Túlio Cintra explica ainda que, em determinados casos, por causa da interação medicamentosa, é necessário ajustar as dosagens ou os princípios ativos para controlar enfermidades como diabetes, dislipidemia e hipertensão, comuns em idades mais avançadas.
Oferecimento gratuito de injeção bimestral preventiva contra HIV
A incorporação do novo medicamento preventivo contra HIV cabotegravir no Sistema Único de Saúde (SUS) já está em negociação, envolvendo governo, médicos e laboratório. O fármaco de uso PrEP (profilaxia pré-exposição) é aquele capaz de impedir a infecção pelo vírus com injeções bimestrais.
A Anvisa já aprovou o medicamento no país em abril. A Fiocruz deve finalizar em breve o estudo de implementação que avalia a possibilidade de adoção pelo SUS, do ponto de vista técnico. Uma vez finalizado, no caso de resultado recomendando a adoção, o documento é submetido ao órgão de governo que avalia o custo-benefício da incorporação do produto.
Quem faz a avaliação do ponto de vista mais financeiro é a Comissão Nacional de Incorporação de Tecnologias (Conitec), subordinada ao Ministério da Saúde.
Antes de mesmo de ser anunciado oficialmente o resultado da avaliação da Fiocruz, o medicamento produzido pela multinacional farmacêutica GSK, em parceria com o laboratório ViiV Healthcare, já é alvo de entusiasmo por parte de médicos.

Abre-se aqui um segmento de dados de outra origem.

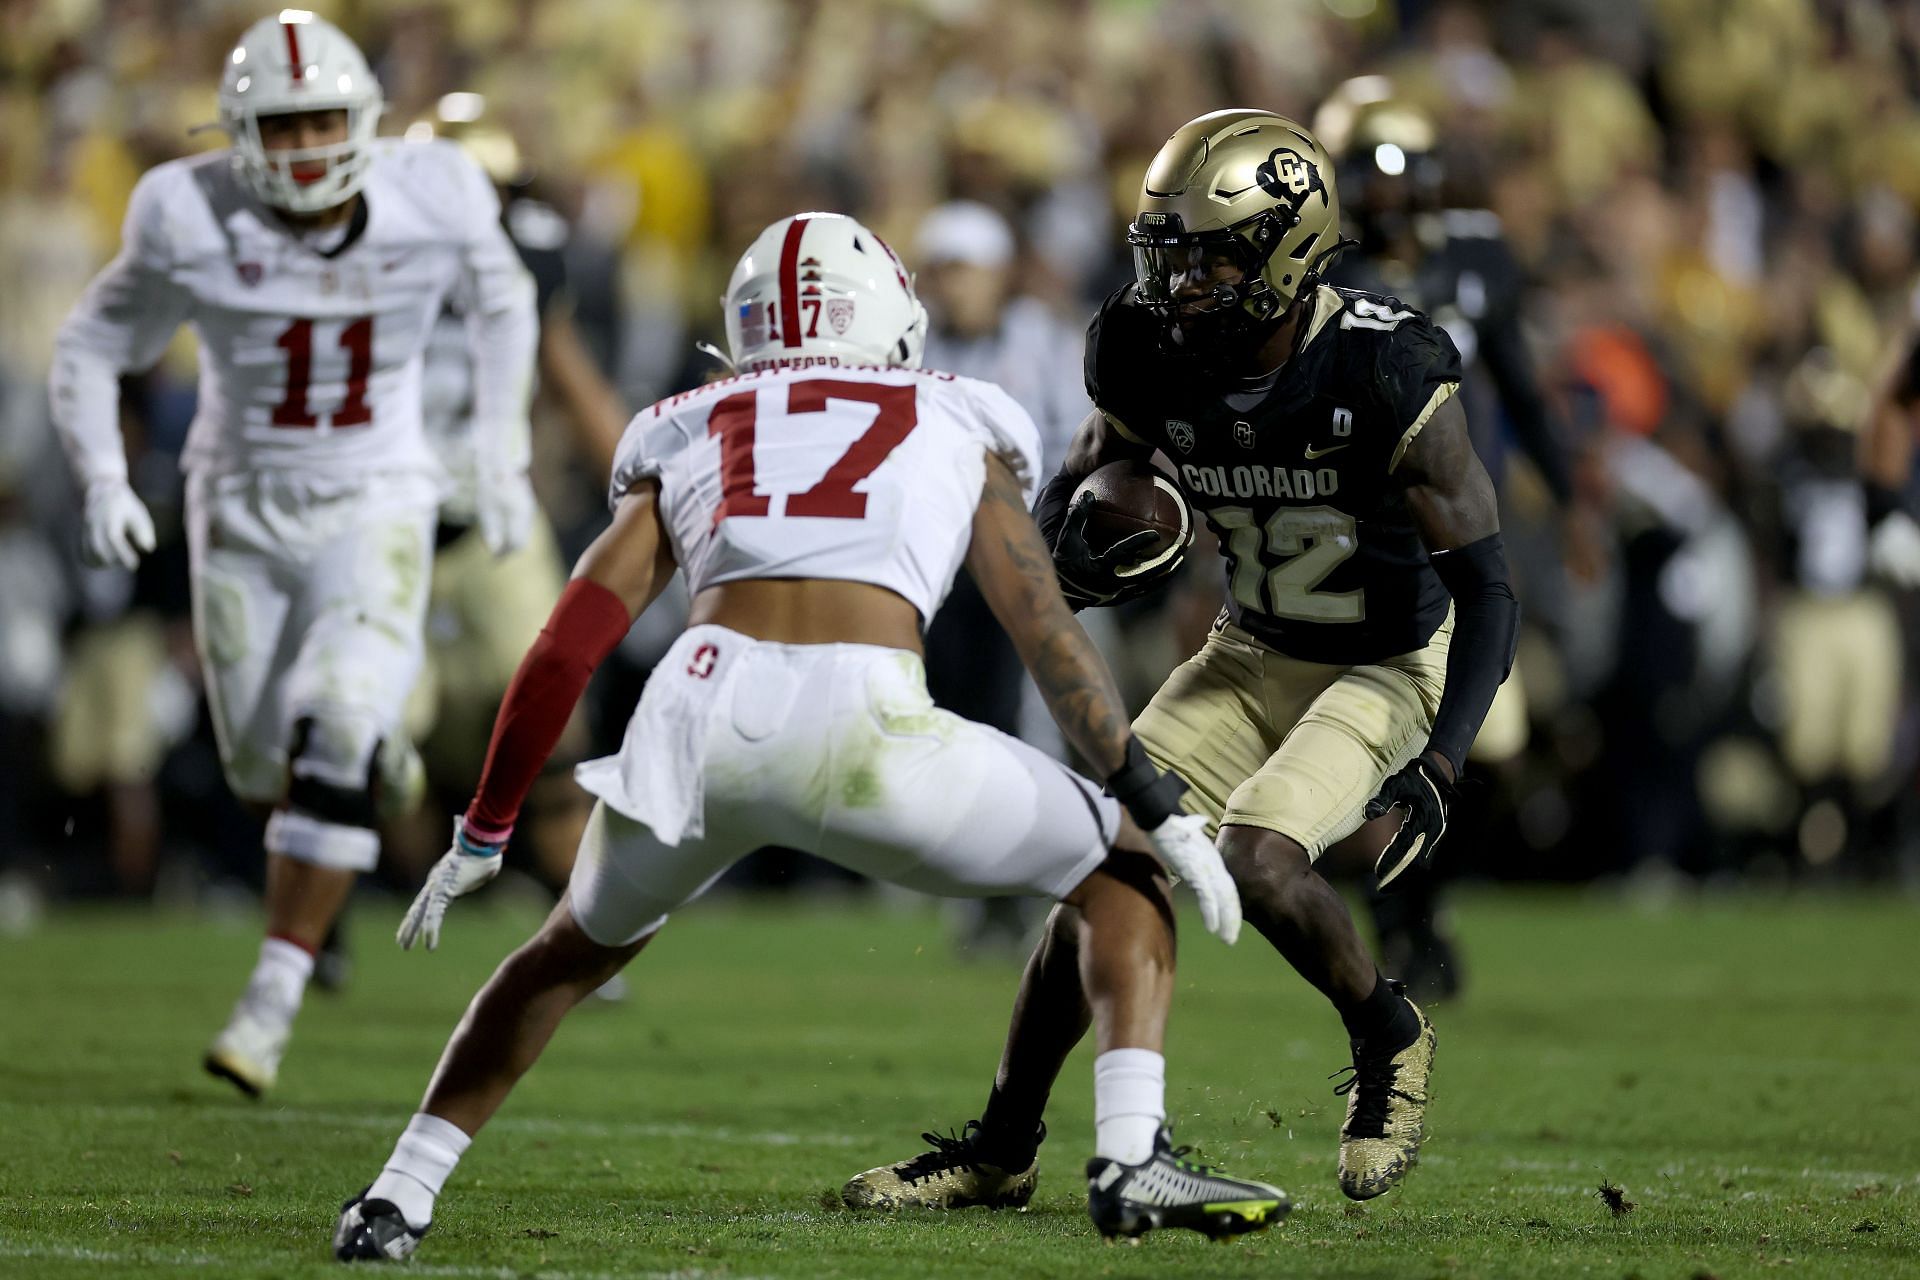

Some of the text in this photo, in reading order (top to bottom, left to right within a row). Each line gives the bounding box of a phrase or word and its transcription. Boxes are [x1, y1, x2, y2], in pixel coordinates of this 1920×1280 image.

[1274, 152, 1310, 194] CU
[271, 316, 374, 429] 11
[707, 379, 918, 530] 17
[1175, 435, 1191, 448] 12
[1181, 464, 1339, 499] COLORADO
[1209, 504, 1366, 624] 12
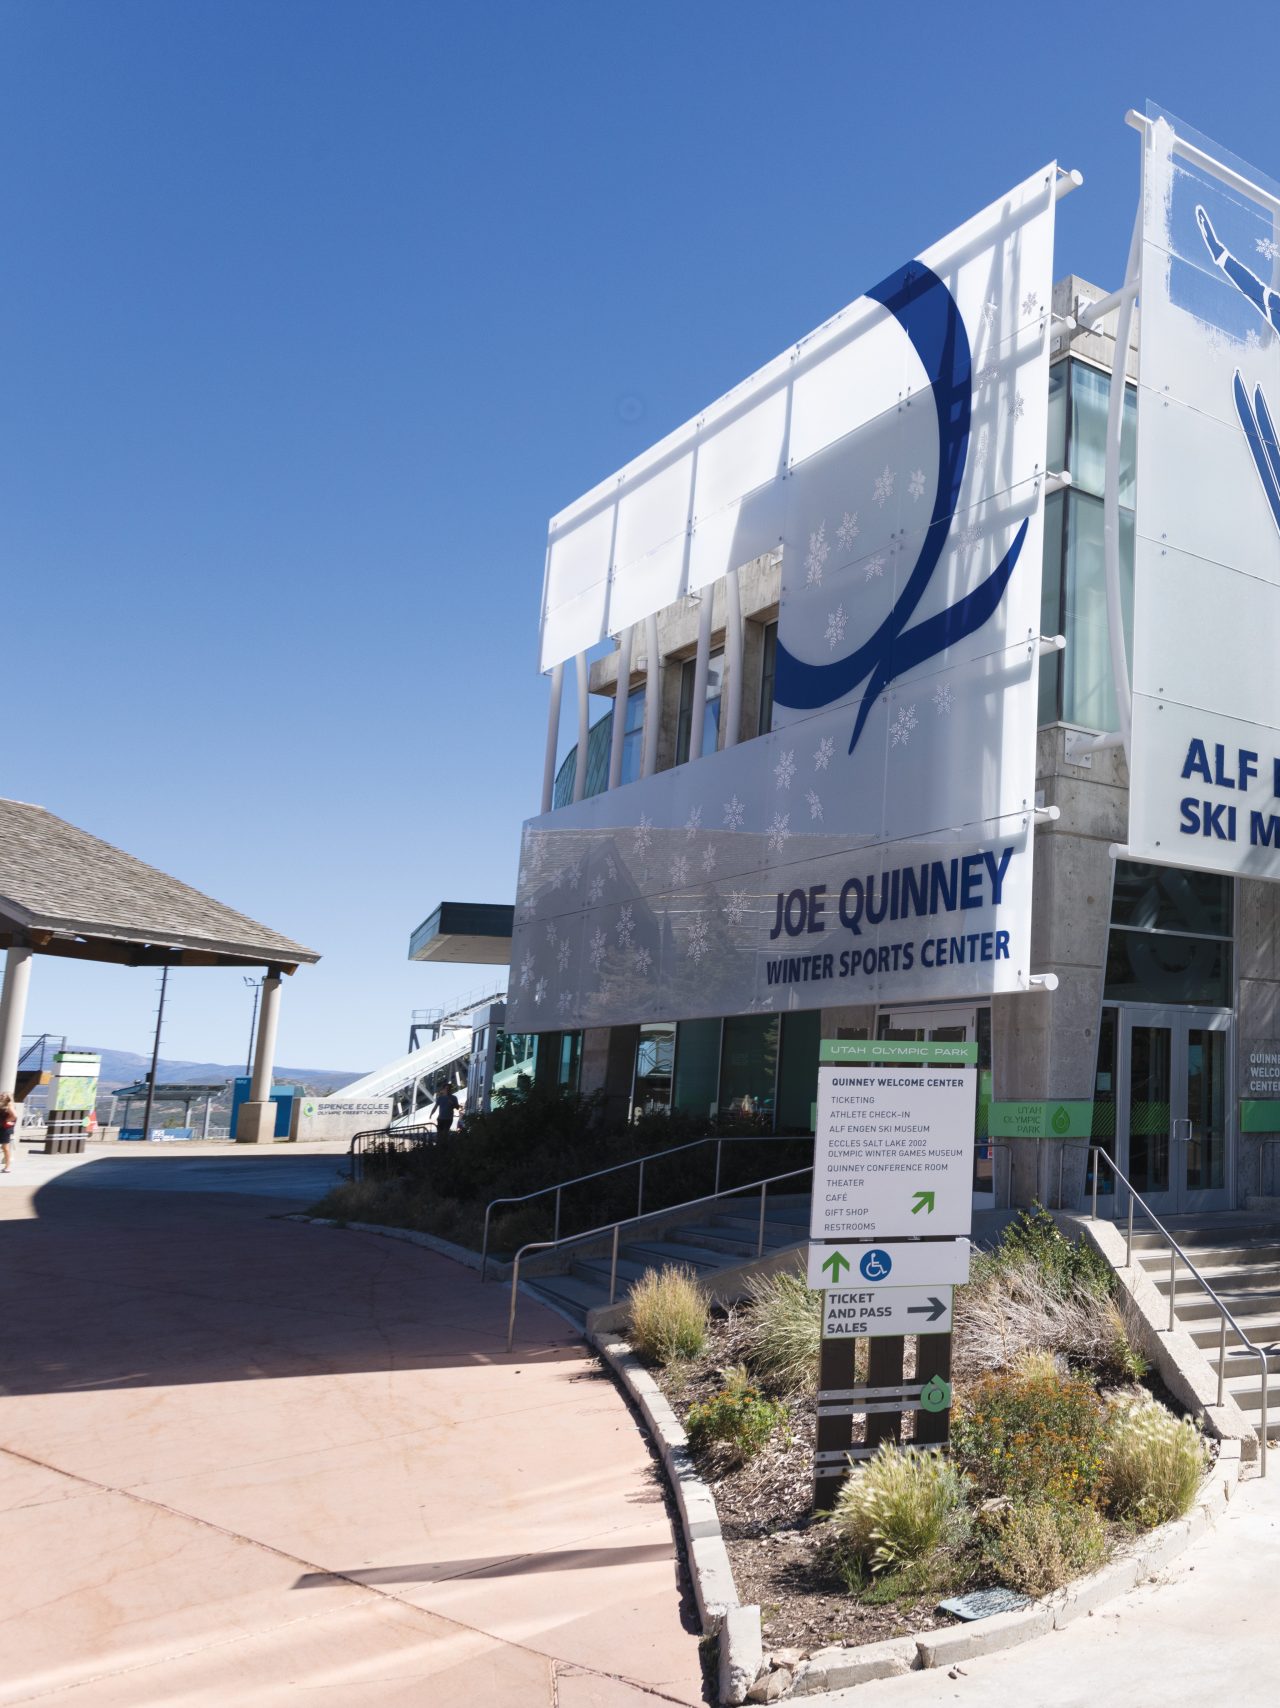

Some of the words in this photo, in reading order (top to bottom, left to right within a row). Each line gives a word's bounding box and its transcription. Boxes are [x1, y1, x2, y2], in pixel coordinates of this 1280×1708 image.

[1181, 738, 1258, 791] ALF
[1180, 797, 1237, 841] SKI
[770, 884, 826, 940] JOE
[838, 846, 1014, 935] QUINNEY
[766, 953, 833, 985] WINTER
[839, 942, 914, 978] SPORTS
[920, 930, 1010, 968] CENTER
[831, 1046, 866, 1055] UTAH
[872, 1047, 929, 1056] OLYMPIC
[935, 1048, 969, 1056] PARK
[832, 1079, 874, 1087] QUINNEY
[878, 1079, 925, 1087] WELCOME
[927, 1079, 964, 1087] CENTER
[830, 1125, 845, 1133] ALF
[827, 1179, 864, 1187] THEATER
[824, 1223, 876, 1231] RESTROOMS
[829, 1293, 875, 1304] TICKET
[828, 1309, 856, 1319] AND
[860, 1307, 892, 1317] PASS
[827, 1323, 867, 1334] SALES
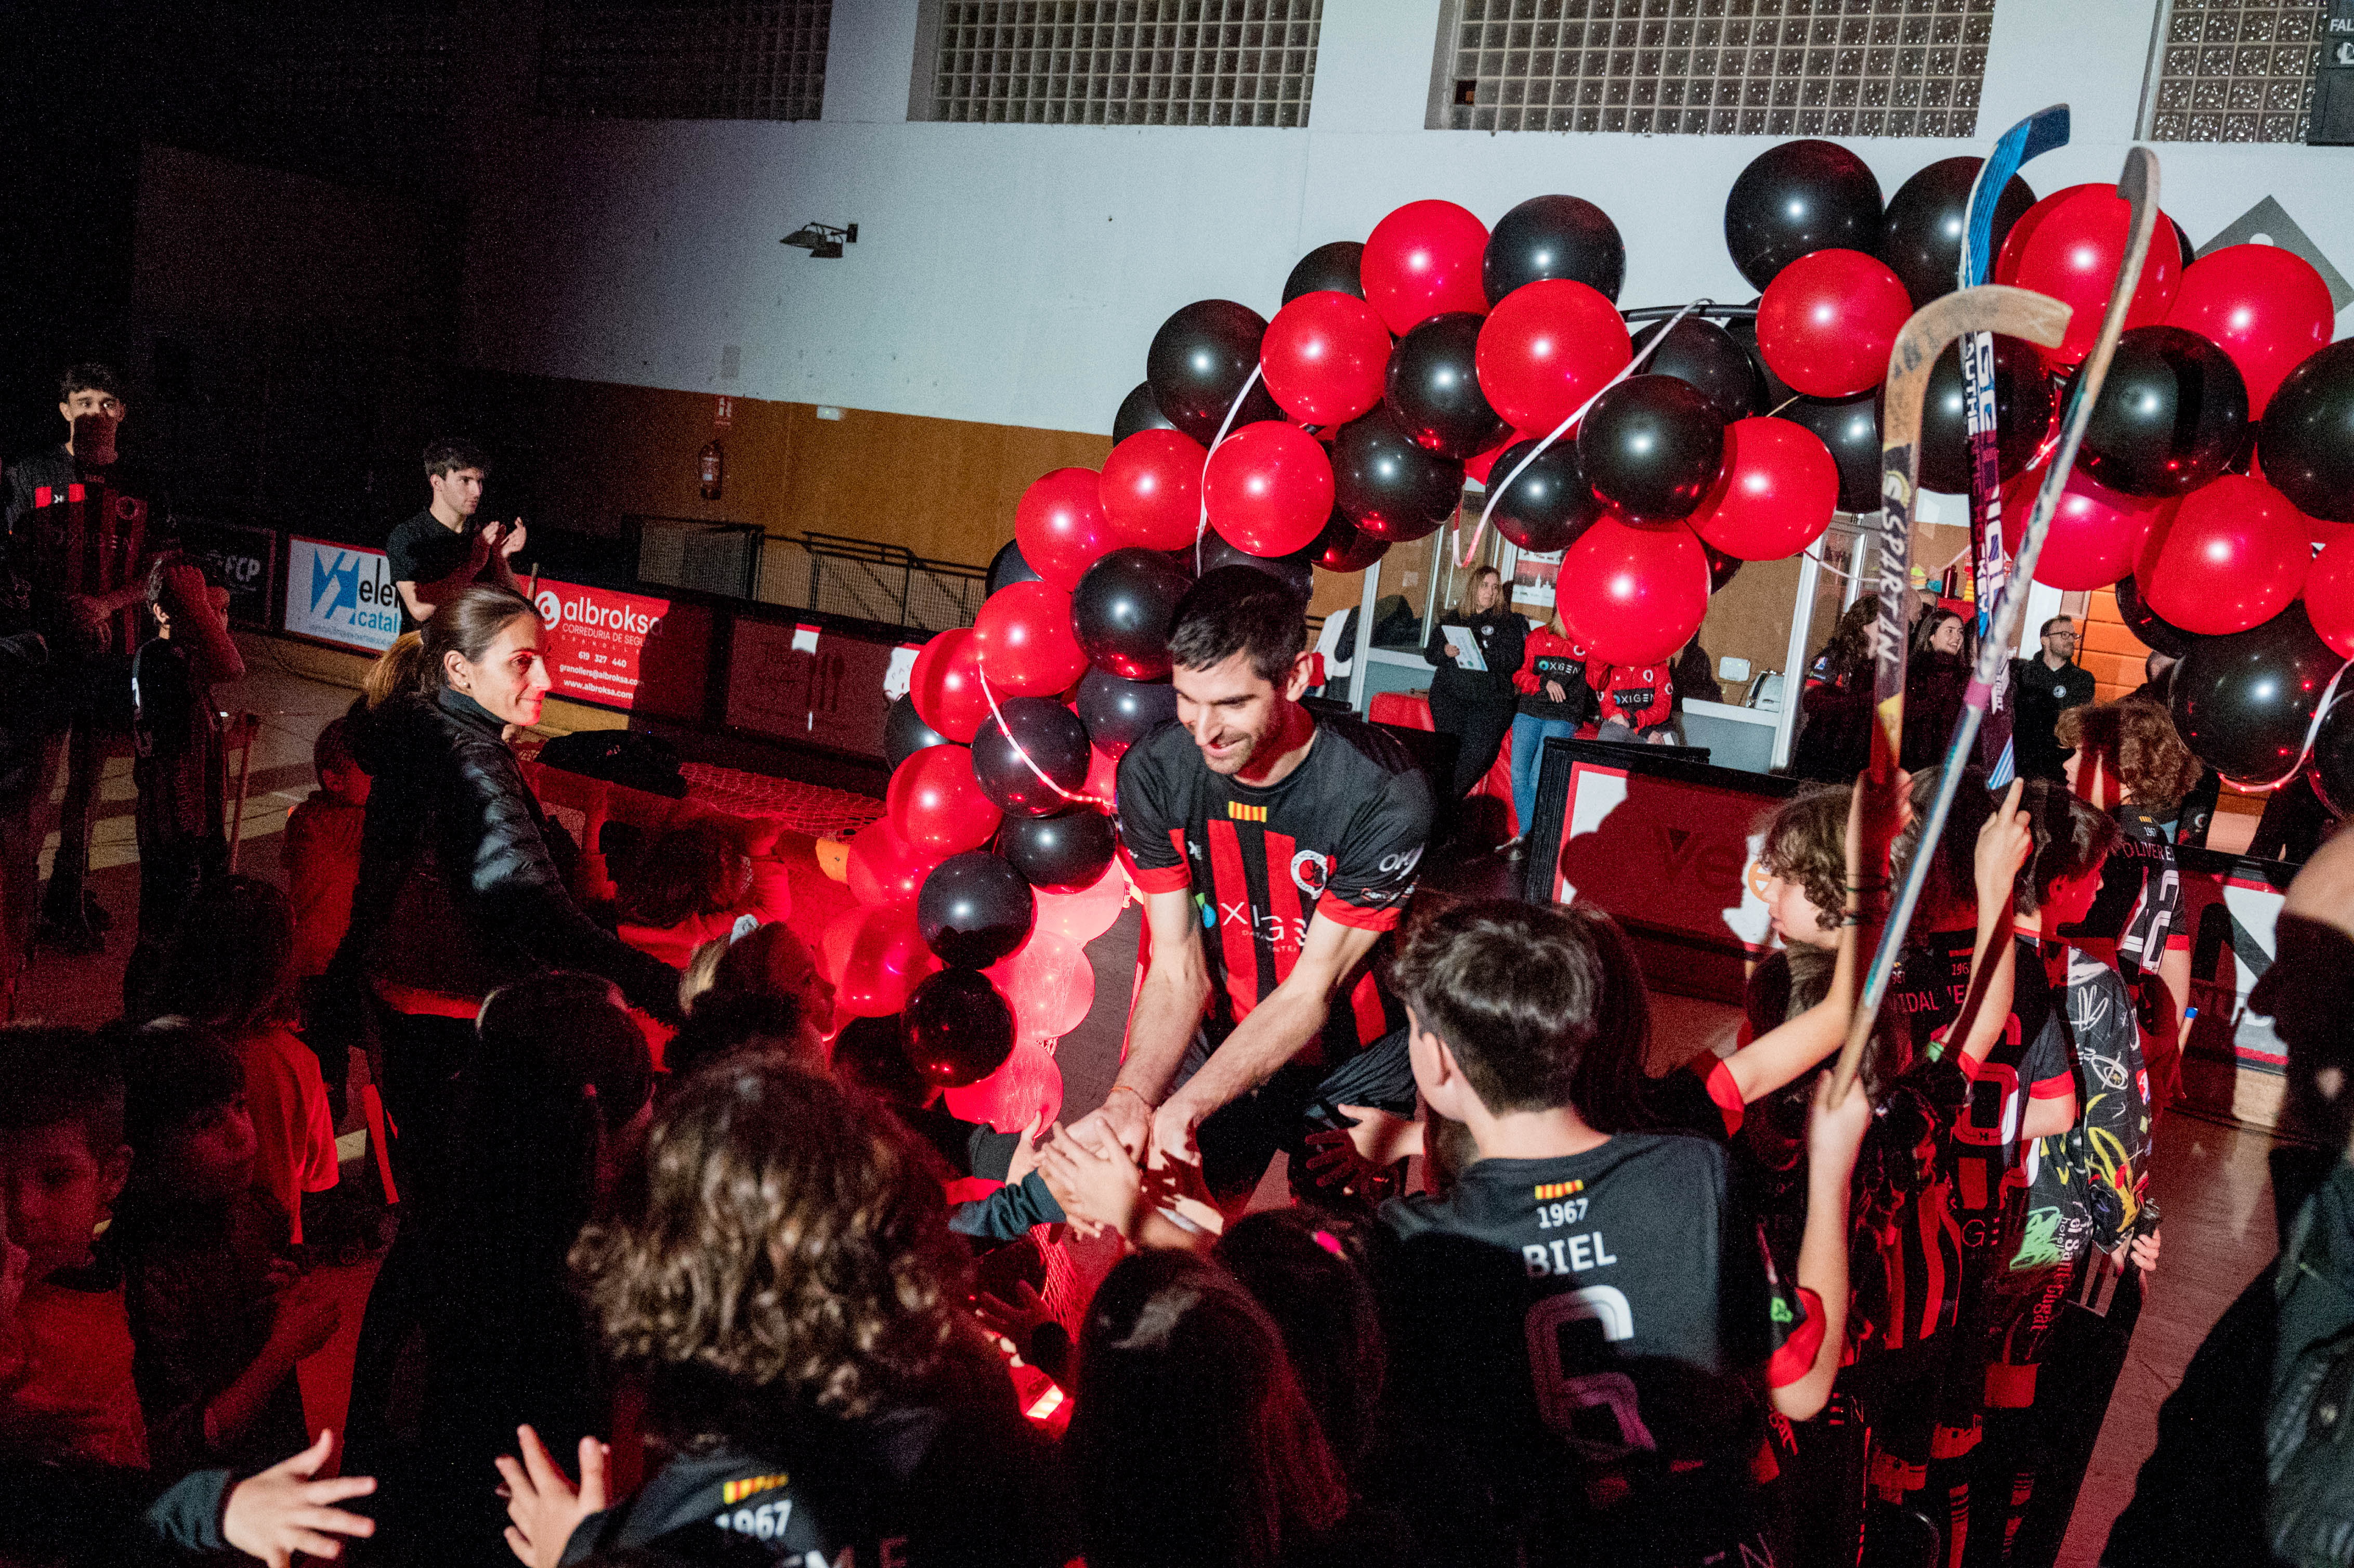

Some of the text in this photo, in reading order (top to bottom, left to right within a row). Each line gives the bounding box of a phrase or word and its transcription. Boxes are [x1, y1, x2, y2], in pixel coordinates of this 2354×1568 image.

[1878, 506, 1907, 663] SPARTAN
[358, 611, 401, 633] catal
[564, 597, 663, 635] albroksa
[562, 623, 611, 641] CORREDURIA
[612, 632, 623, 643] DE
[559, 663, 645, 686] granollers@albroksa.com
[578, 651, 627, 668] 619 327 440
[564, 679, 634, 700] www.albroksa.com
[2123, 841, 2165, 860] OLIVER
[1537, 1197, 1589, 1230] 1967
[2055, 1217, 2071, 1248] hotel
[1523, 1231, 1617, 1277] BIEL
[2054, 1239, 2080, 1279] Sant
[2030, 1284, 2064, 1332] Cugat
[1524, 1285, 1657, 1462] 6

“Assim que a gente tiver os resultados, e a gente já viu de forma preliminar os resultados, isso vai ser encaminhado para a Conitec”, afirmou na semana passada o médico Alexandre Naime, coordenador científico da Sociedade Brasileira de Infectologia (SBI), no lançamento de uma campanha informativa contra o HIV.
Boa parte da empolgação que os cientistas deixam extravasar com o cabotegravir é que o medicamento representou um grande ganho contra a taxa de infecção em países da África, onde questões culturais, como rejeição ao preservativo, ainda atrapalham as políticas contra a epidemia do vírus.
A expectativa é que a incorporação da PrEP injetável no sistema de saúde tenha um bom custo-benefício, porque investimentos em prevenção em geral se compensam mais adiante, evitando despesas com terapia antirretroviral e acompanhamento para quem já é soropositivo.